## Exercise
Could you retype the records below exactly as they appear, skipping any pictures?

## The records
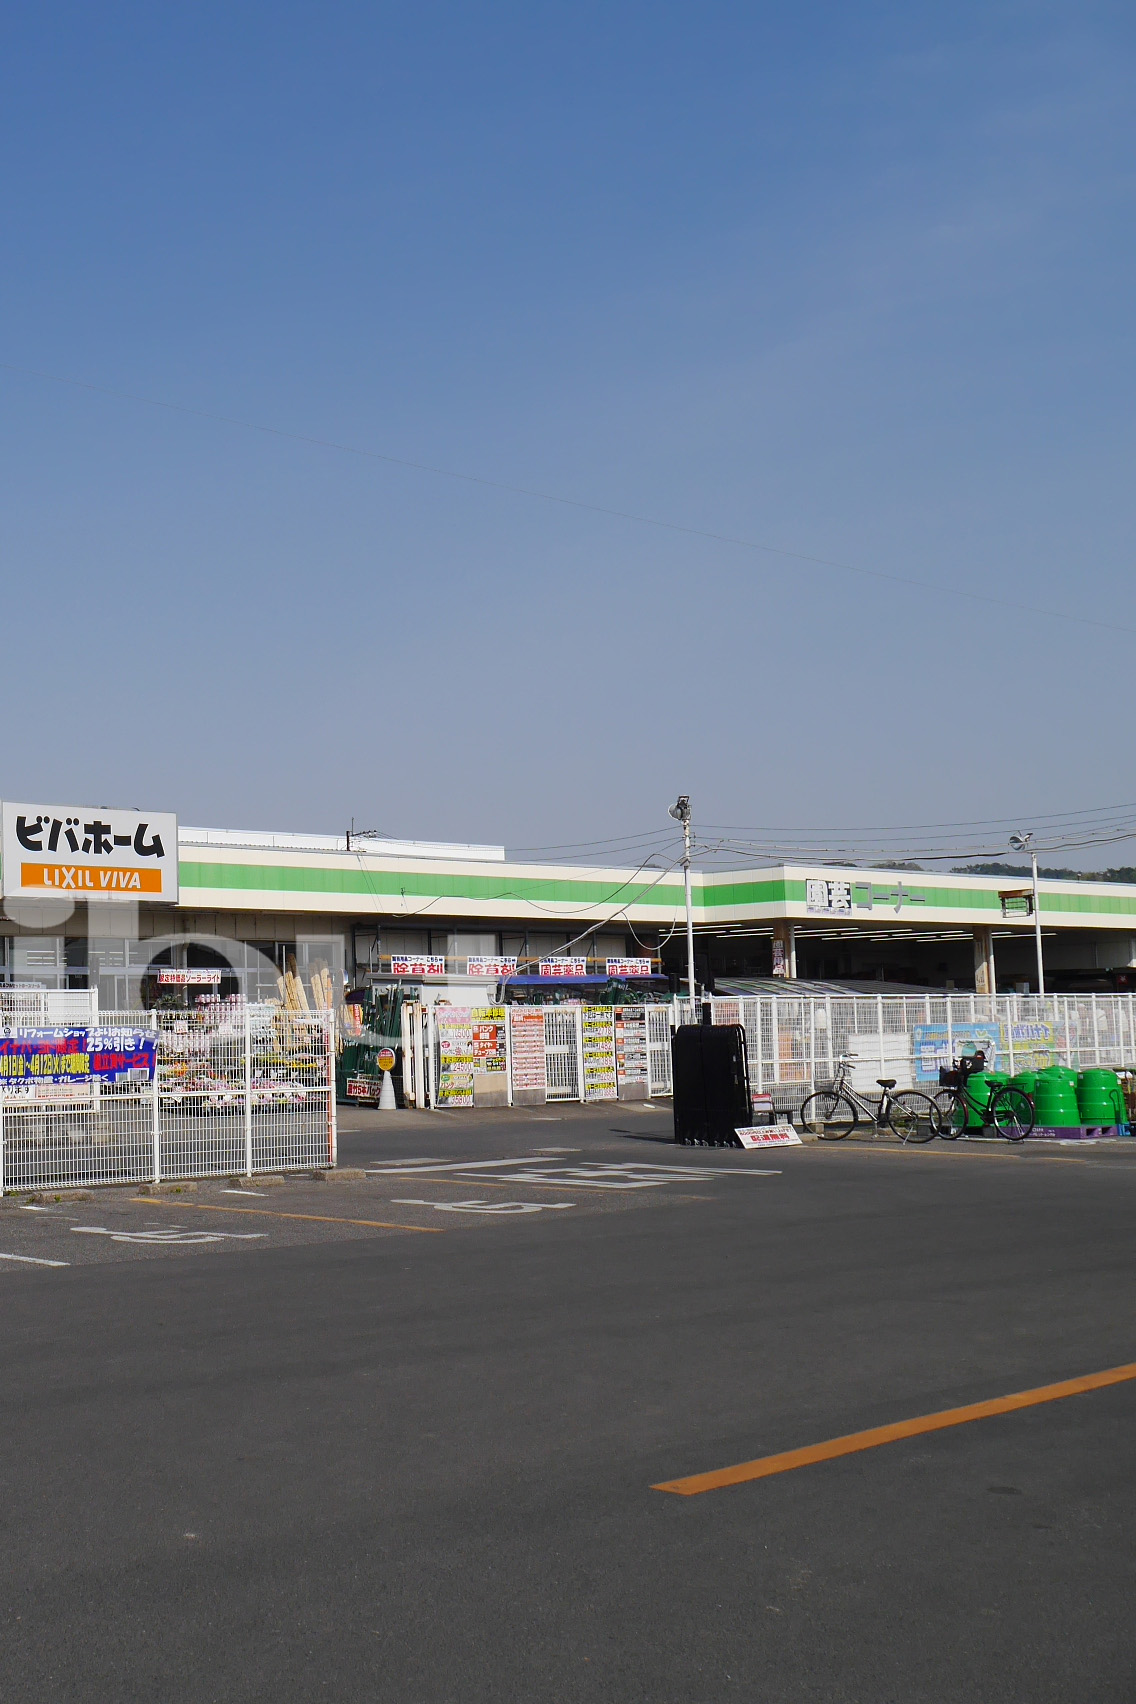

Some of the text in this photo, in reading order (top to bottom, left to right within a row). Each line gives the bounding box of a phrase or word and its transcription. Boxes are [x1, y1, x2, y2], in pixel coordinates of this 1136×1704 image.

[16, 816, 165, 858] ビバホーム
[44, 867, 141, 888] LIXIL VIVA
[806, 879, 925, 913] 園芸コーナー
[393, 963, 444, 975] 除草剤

## Your response
Some of the text in this photo, in reading order (top to bottom, left to right within a row). Each line gives the bounding box of a phrase or word and its transcription. Boxes are [x1, y1, x2, y2], in pixel coordinates of this 1136×1704 image.

[16, 816, 165, 858] ビバホーム
[44, 867, 141, 888] LIXIL VIVA
[806, 879, 925, 913] 園芸コーナー
[393, 963, 444, 975] 除草剤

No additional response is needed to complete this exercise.